Different HCS and RTA versions provide different CpG methylation levels
WGBS relies on bisulfite conversion of unmethylated C, but not 5mC, to uracil. Because 5mC normally occupies only a small proportion of Cs, bisulfite-treated DNA shows depletion of C, resulting in a low diversity sequence. PBAT-seq is designed to generate sequence reads complementary to the bisulfite-converted strand, and thus 5mC appears as G in the first read (R1) and as C in the second read (R2) (Additional file 1: Figure S1b) [4]. In the course of our WGBS study of early postnatal mouse spermatogonia [13], we realized that the global CpG methylation level determined by PBAT-seq of the same library significantly changed upon HCS and RTA updates of the HiSeq sequencer.

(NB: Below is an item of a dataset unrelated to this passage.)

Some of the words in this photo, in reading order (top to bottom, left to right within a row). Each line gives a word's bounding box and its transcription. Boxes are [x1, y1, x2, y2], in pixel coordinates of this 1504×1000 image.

Therefore, we set out to examine the generality of the problem and to explore the causes. Throughout this paper, global CpG methylation levels refer to weighted levels, which take sequencing depth into account [19].

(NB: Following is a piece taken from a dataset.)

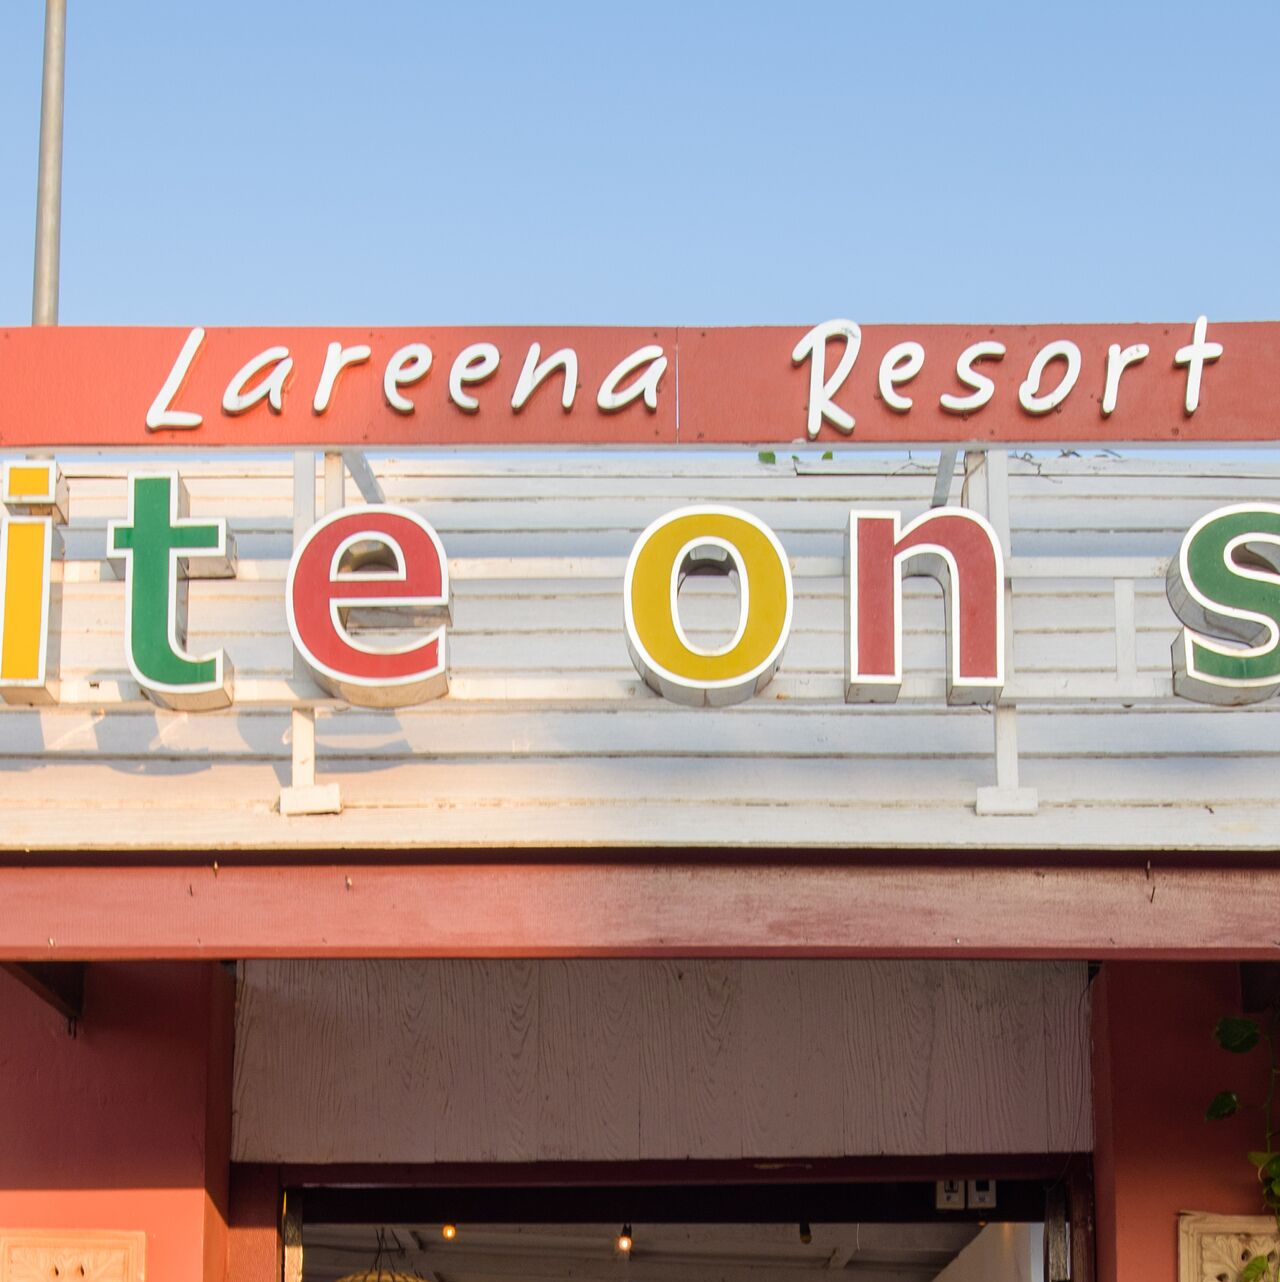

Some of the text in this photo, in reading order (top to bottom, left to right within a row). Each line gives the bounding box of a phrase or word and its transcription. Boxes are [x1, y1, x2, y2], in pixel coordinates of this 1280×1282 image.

We performed a series of single-end runs using three PBAT libraries (IMR-90 human fibroblasts, mouse epiblast-like cells [EpiLCs], and mouse spermatogonia). Each library was sequenced multiple times (replicates) and each replicate run was performed using a lane of flow cell on a HiSeq 1500 or HiSeq 2500 sequencers (Additional file 1: Figure S1c). We mapped single-end sequence reads trimmed to 96 bases on the human (hg19) or the mouse (mm10) reference genome and obtained 59–99 million uniquely mapped reads per lane (Additional file 1: Table S1). We confirmed that different combinations of HCS and RTA versions provided different global CpG methylation levels (up to approximately 5% difference) for the same libraries (Fig. 1a, b, Additional file 1: Figure S2a). Such differences were observed even when an identical HiSeq sequencer was used (Additional file 1: Figure S1d). The global CpG methylation difference of 5% was not negligible because similar differences were observed in several types of mouse cells during differentiation (Additional file 1: Figure S3).

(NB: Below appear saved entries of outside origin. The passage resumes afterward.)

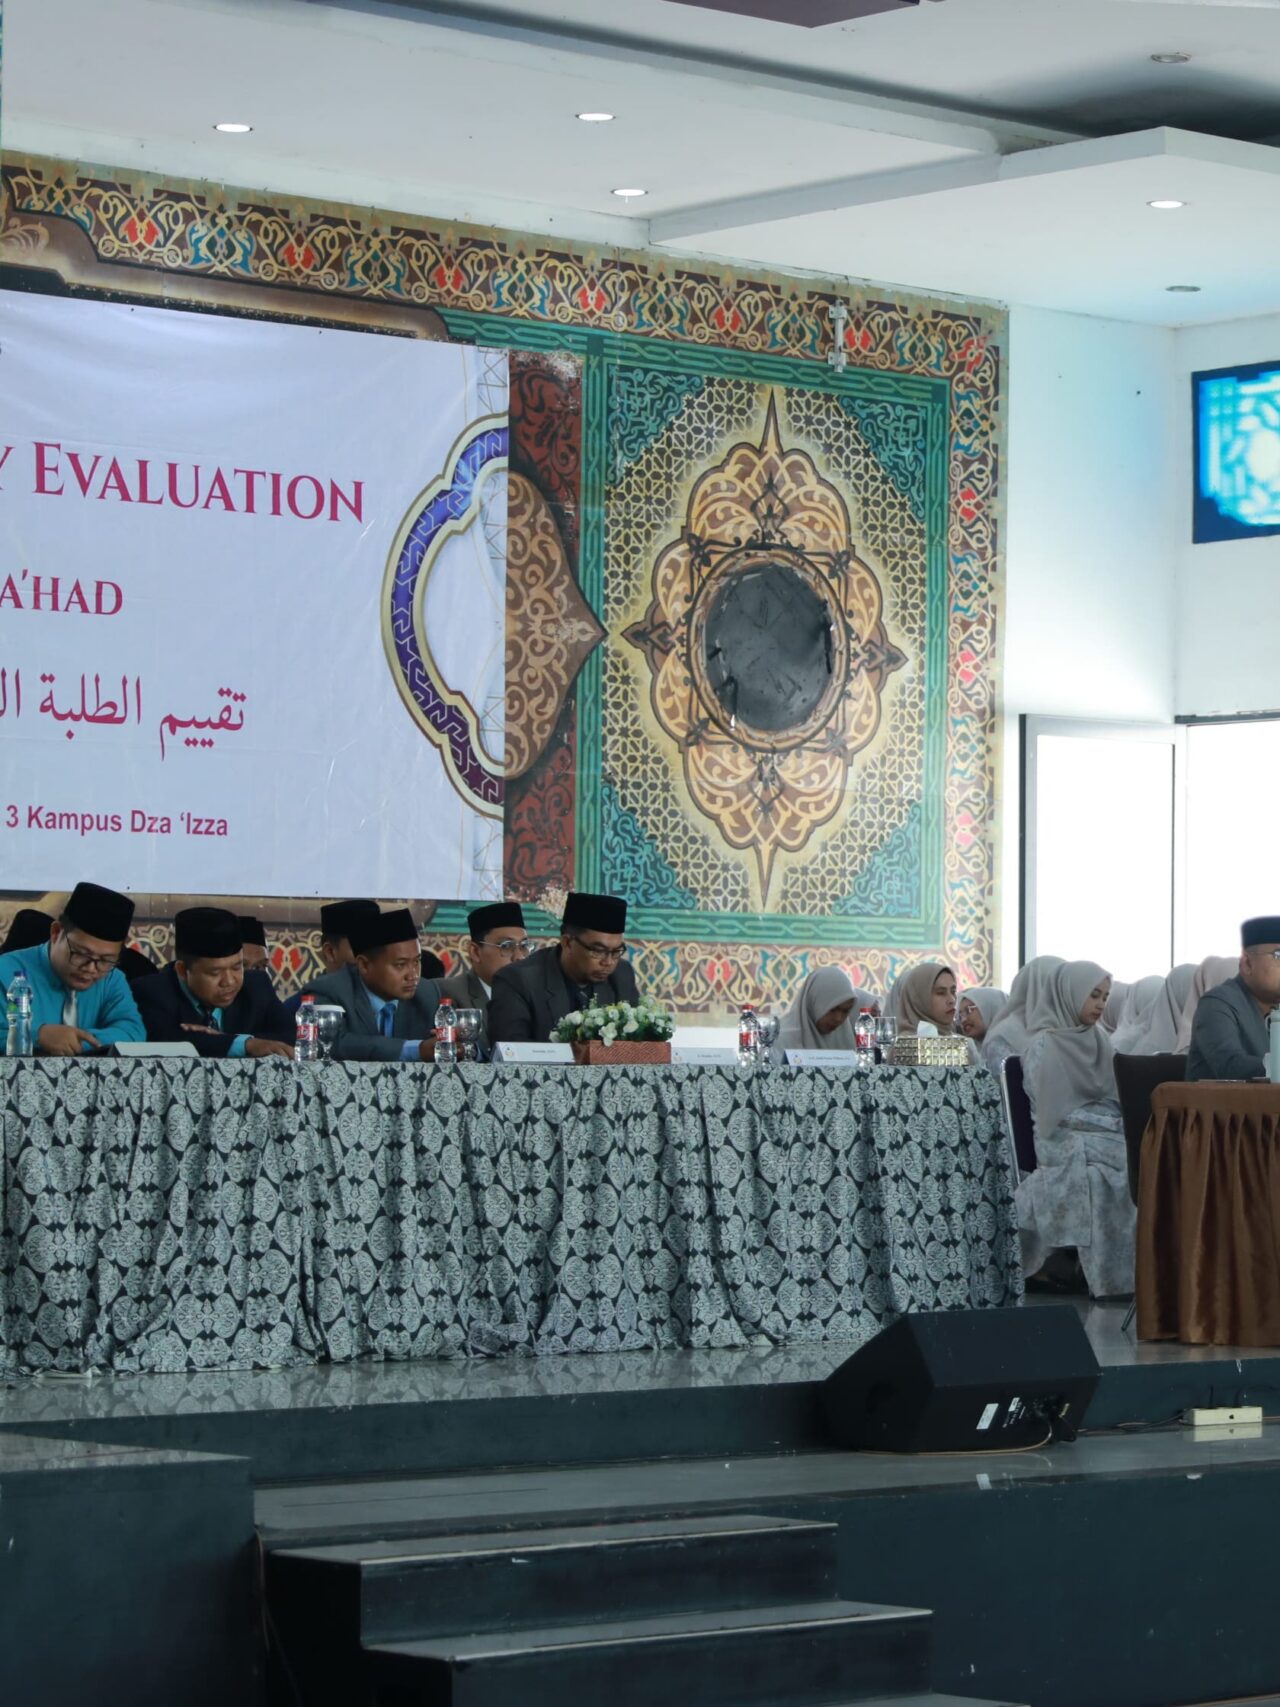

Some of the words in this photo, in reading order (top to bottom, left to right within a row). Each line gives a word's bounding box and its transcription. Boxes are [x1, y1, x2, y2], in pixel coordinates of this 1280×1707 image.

[33, 441, 365, 524] EVALUATION
[39, 672, 141, 740] الطلبة
[159, 687, 247, 762] تقييم
[6, 804, 19, 828] 3
[28, 805, 122, 836] Kampus
[130, 809, 172, 834] Dza

For the three libraries, HCS v2.0.5 always provided the highest CpG methylation level, and HCS v2.0.12 the lowest (Fig. 1a). Compared with the other HCS versions, HCS v2.0.12 provided less Gs (Fig. 1a), indicating that a decreased G count is the cause of the lower methylation levels. HCS v2.0.10 provided a methylation level approximately 5% higher than that obtained by HCS v2.0.12, even though the same RTA version (v1.17.21.3) was used (Fig. 1b, Additional file 1: Figure S2b). Thus, HCS and not RTA was the major determinant of the observed differences. Regions with higher CpG density tended to show larger differences between HCS v2.0.5 and v2.0.12 (Fig. 1c, Additional file 1: Figure S2c). Furthermore, when we tried to identify partially methylated domains (PMDs) in EpiLCs, the two versions gave very different results (Additional file 1: Figure S2d). The PMDs are observed in several cell types including cancer cells [20] and associated with intermediate levels of methylation, specific histone modifications, nuclear lamina, and gene silencing [21, 22], showing that different HCS versions can impact biological outcomes.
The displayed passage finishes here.